## Exercise aim
Your output should reproduce each entry exactly, with none of its pictures.

○ ○ ○ ○

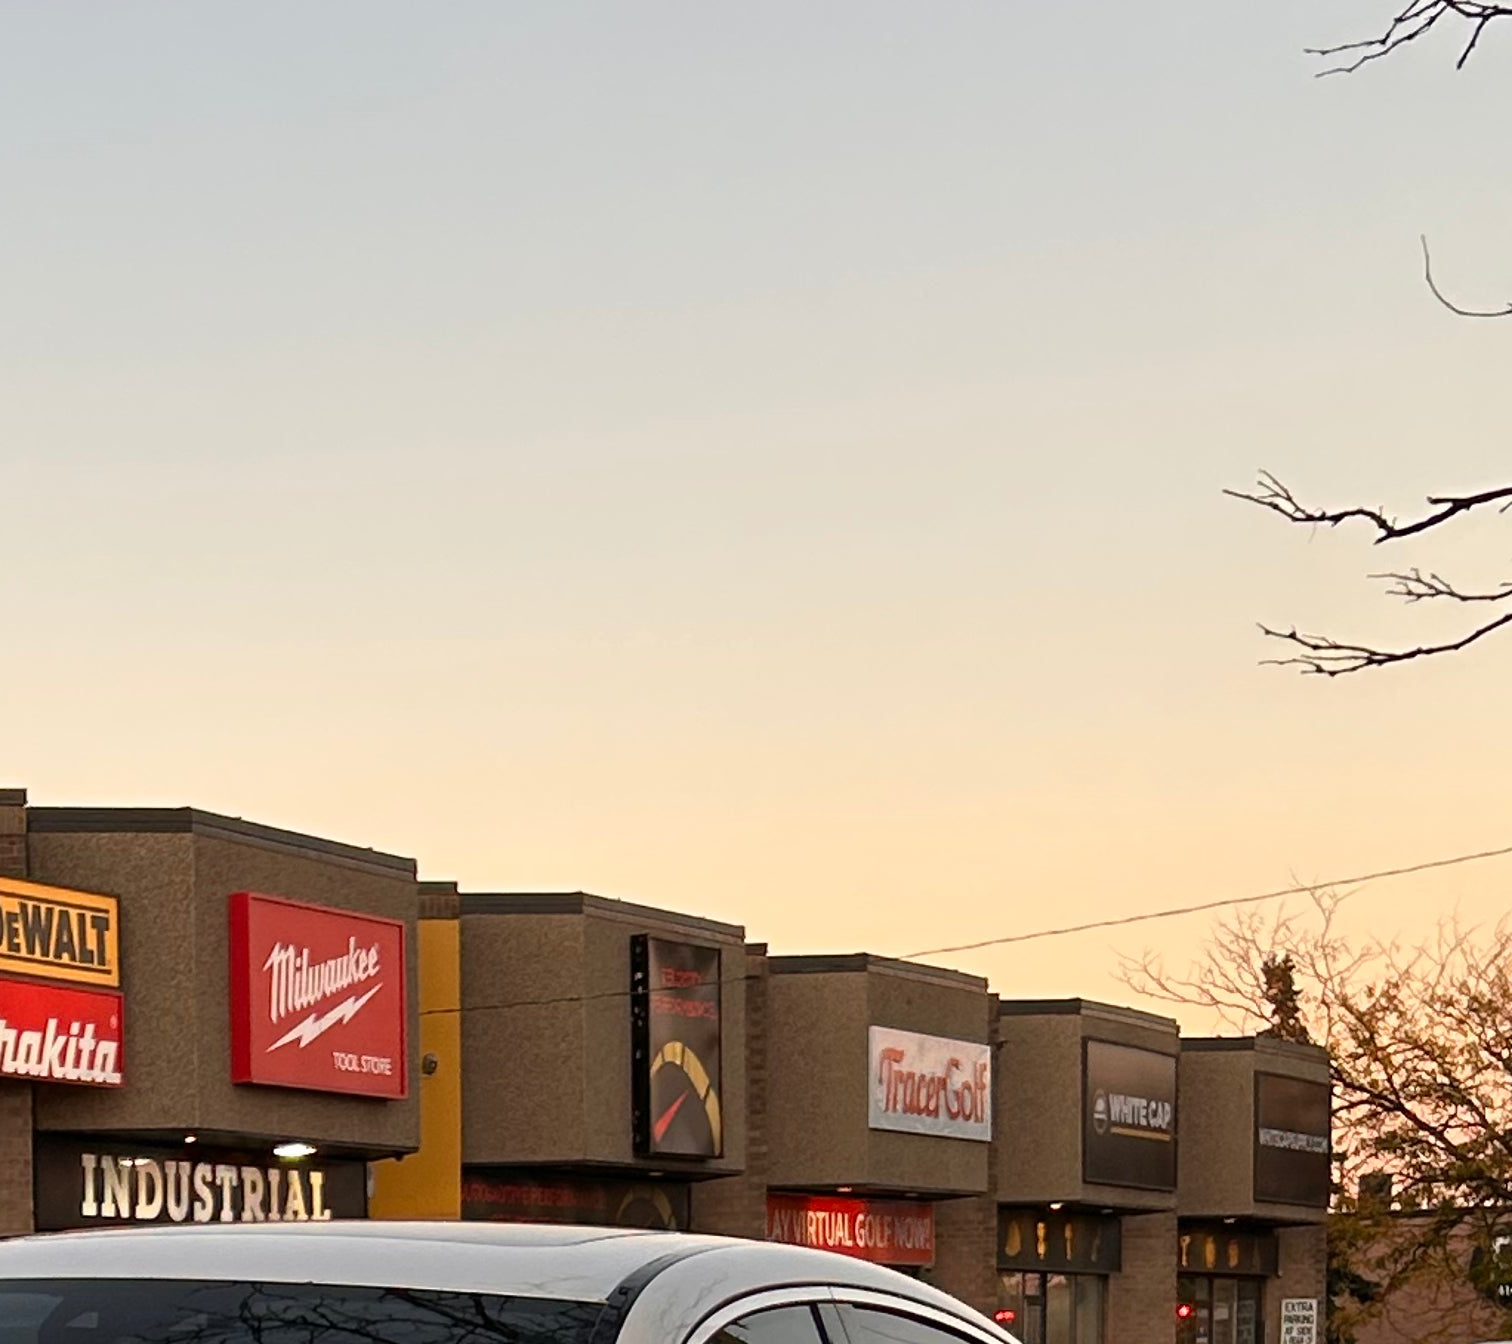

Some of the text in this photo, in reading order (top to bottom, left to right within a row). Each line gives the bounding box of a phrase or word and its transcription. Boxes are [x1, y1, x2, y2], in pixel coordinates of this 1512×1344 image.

[263, 936, 381, 1024] Milwaukee
[333, 1051, 392, 1075] TOOL STORE
[1108, 1093, 1172, 1129] WHITE CAP
[81, 1153, 332, 1222] INDUSTRIAL
[793, 1210, 854, 1247] VIRTUAL
[855, 1213, 892, 1248] GOLF

○ ○ ○ ○

## Result of the task
Some of the text in this photo, in reading order (top to bottom, left to right within a row). Each line gives the bounding box of a phrase or word and its transcription. Boxes are [x1, y1, x2, y2], in pixel coordinates of this 1512×1344 image.

[263, 936, 381, 1024] Milwaukee
[333, 1051, 392, 1075] TOOL STORE
[1108, 1093, 1172, 1129] WHITE CAP
[81, 1153, 332, 1222] INDUSTRIAL
[793, 1210, 854, 1247] VIRTUAL
[855, 1213, 892, 1248] GOLF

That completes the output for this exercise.